Under Obamacare, Insurers Learn to Sell to Consumers Directly

Insurers have to learn to pitch consumers directly
Wendy Jackson, left, with Independence Blue Cross, provides information on health-care reform in Philadelphia on Oct. 1 Photograph by Matt Rourke/AP Images

On Oct. 1, the day Obamacare’s insurance marketplaces launched, a 50-foot tractor-trailer pulled up outside a clinic in a North Philadelphia strip mall to sell health insurance. Independence Blue Cross had converted the truck into a retail store on wheels, adorned with the company’s “Live Fearless” slogan and staffed with 15 salespeople ready to enroll customers on the spot through the marketplaces. The insurer is scheduled to visit 100 events in 90 days and plans to park the truck outside churches, zoos, and 76ers games to get in front of Pennsylvanians.

Face-to-face marketing might become more common across the industry. In the next four years, the Congressional Budget Office expects 25 million uninsured Americans to go on the exchanges created by the Affordable Care Act, compare plans, and choose an insurer. The law has created a mass market for health plans sold directly to consumers, many of whom will be buying insurance for the first time.

That means a complete overhaul of selling tactics for insurers who are used to wooing corporate HR chiefs and brokers. “On one hand, [consumers are] a blank slate, but on the other hand, they’re really not that interested,” says Nigel Hollis, chief global analyst at brand consultancy Millward Brown. Not only do insurers have to figure out how to explain a complex product in simple terms, they also have to make their pitch memorable, so customers will choose their plans over a competitor’s. “The real challenge that the entire industry has is making it real to people,” says Brian Lobley, Independence’s chief for consumer marketing and sales. “We’re not a soft-drink company. You can’t taste it.”

Independence decided that direct mail or Facebook ads wouldn’t persuade consumers to buy health plans. With the Independence Express, as the truck is called, the company can present the risks of forgoing insurance in more personal ways, including getting people to play an iPad game that shows how much they’d have to pay in a medical crisis. “What does it mean when your child’s sick at 2 o’clock in the morning and you have to take him to the hospital, and you’re going to get that bill 7 to 10 days later?” Lobley asks. “This is what we help you deal with.”

In California, Health Net is targeting Latinos, who are expected to be a big portion of those buying on the state’s exchange, with a marketing booth at LA Galaxy soccer games. The company is also sending salespeople to health fairs at churches, schools, and clinics. Jennifer Moore, who leads Health Net’s individual market business, says the campaign forced them to think about more straightforward language. “How do you talk about deductibles?” she asks. “It’s jargon.” Health Net rewrote its sales brochures at a sixth-grade reading level so potential customers new to health insurance can understand them.

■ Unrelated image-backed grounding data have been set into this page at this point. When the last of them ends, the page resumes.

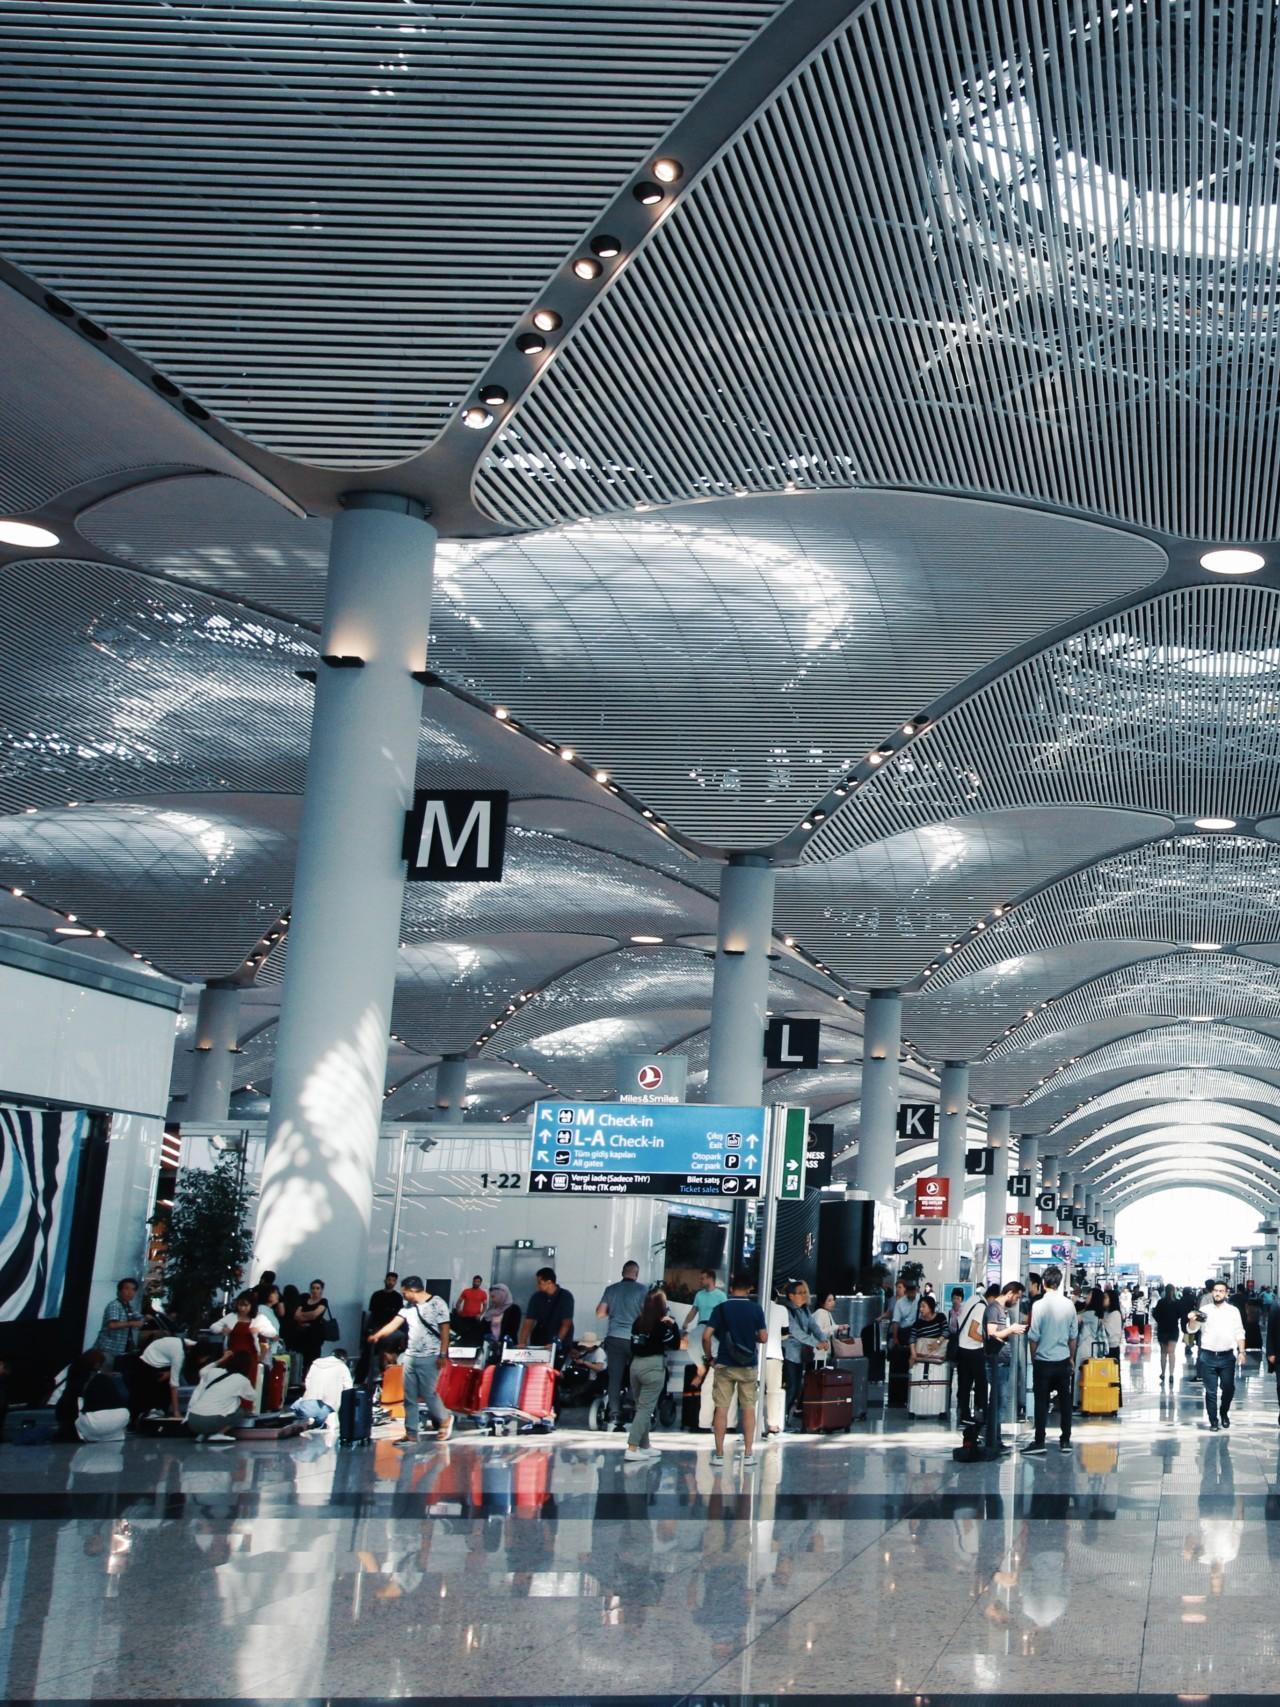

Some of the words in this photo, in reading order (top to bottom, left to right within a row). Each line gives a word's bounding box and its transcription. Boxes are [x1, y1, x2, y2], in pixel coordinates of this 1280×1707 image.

[416, 800, 491, 868] M
[780, 1024, 804, 1062] L
[620, 1094, 679, 1103] Miles&Smiles
[576, 1109, 595, 1126] M
[599, 1113, 654, 1127] Check-in
[905, 1108, 927, 1135] K
[574, 1129, 605, 1147] L-A
[610, 1134, 664, 1148] Check-in
[692, 1152, 721, 1161] Otopark
[975, 1151, 986, 1172] J
[573, 1159, 583, 1167] All
[584, 1160, 604, 1168] gates
[704, 1162, 721, 1171] park
[481, 1173, 521, 1189] 1-22
[571, 1174, 590, 1183] Vergi
[634, 1176, 650, 1184] THY)
[687, 1176, 704, 1184] Bilet
[597, 1184, 609, 1192] (TK
[609, 1184, 627, 1192] only)
[680, 1185, 701, 1193] Ticket
[1012, 1177, 1027, 1195] H
[1040, 1194, 1053, 1210] G
[1061, 1207, 1069, 1219] F
[1076, 1217, 1084, 1228] E
[1087, 1224, 1096, 1234] D
[912, 1228, 927, 1246] K
[1096, 1231, 1104, 1241] C
[1105, 1235, 1111, 1245] B
[1266, 1252, 1274, 1262] 4

For large insurers, Obamacare offers a chance to reintroduce themselves to the public. Aetna updated its marketing last year, with a new logo and a $50 million campaign focused on healthy living. The company papered New York’s Grand Central Terminal with 150 signs and video ads in the three weeks before the exchanges rolled out that riffed on its theme, “What’s Your Healthy?” One ad shows a hapless young husband riding his mountain bike into the brush as his wife deftly navigates the trail. In another, a middle-aged guy with high blood pressure is caught sneaking a late-night snack. Both characters use Aetna’s online tools to make doctor appointments and compare prices.

Cigna has built a consumer sales and marketing operation from scratch since 2010, led by its vice president for individual and family plans, Lisa Lough, a marketing veteran of E*Trade and Capital One. The insurer made it easier to buy plans online or over the phone; now about half of its individual customers purchase directly, rather than through brokers, compared with less than 10 percent three years ago.

The rocky rollout of the Obamacare exchanges, with website glitches and delays that are keeping people from enrolling on both the state-run and the federal marketplaces, is making a difficult task for marketers harder still. “It’s a huge challenge,” says Rhoda Weiss, a consultant to health-care providers. “You’ve got big confusion.”


    The bottom line: Private insurers are rethinking how they communicate what they do to reach Obamacare customers.